Extracted records:
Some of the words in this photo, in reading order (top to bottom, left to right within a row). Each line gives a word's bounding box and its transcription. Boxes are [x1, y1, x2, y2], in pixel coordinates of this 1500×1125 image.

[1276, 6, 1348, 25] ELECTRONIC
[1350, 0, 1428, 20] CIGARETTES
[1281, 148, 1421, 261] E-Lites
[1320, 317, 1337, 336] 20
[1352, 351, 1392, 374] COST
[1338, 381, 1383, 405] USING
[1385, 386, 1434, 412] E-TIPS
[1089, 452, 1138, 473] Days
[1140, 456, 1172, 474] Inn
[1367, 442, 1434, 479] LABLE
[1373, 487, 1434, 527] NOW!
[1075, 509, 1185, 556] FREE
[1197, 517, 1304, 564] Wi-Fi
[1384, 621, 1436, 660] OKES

▶ [WHAT THE TASK REQUIRES]
The answer must be an exact transcription of every record above.

▶ [WRITTEN ANSWER]
Some of the words in this photo, in reading order (top to bottom, left to right within a row). Each line gives a word's bounding box and its transcription. Boxes are [x1, y1, x2, y2], in pixel coordinates of this 1500×1125 image.

[1276, 6, 1348, 25] ELECTRONIC
[1350, 0, 1428, 20] CIGARETTES
[1281, 148, 1421, 261] E-Lites
[1320, 317, 1337, 336] 20
[1352, 351, 1392, 374] COST
[1338, 381, 1383, 405] USING
[1385, 386, 1434, 412] E-TIPS
[1089, 452, 1138, 473] Days
[1140, 456, 1172, 474] Inn
[1367, 442, 1434, 479] LABLE
[1373, 487, 1434, 527] NOW!
[1075, 509, 1185, 556] FREE
[1197, 517, 1304, 564] Wi-Fi
[1384, 621, 1436, 660] OKES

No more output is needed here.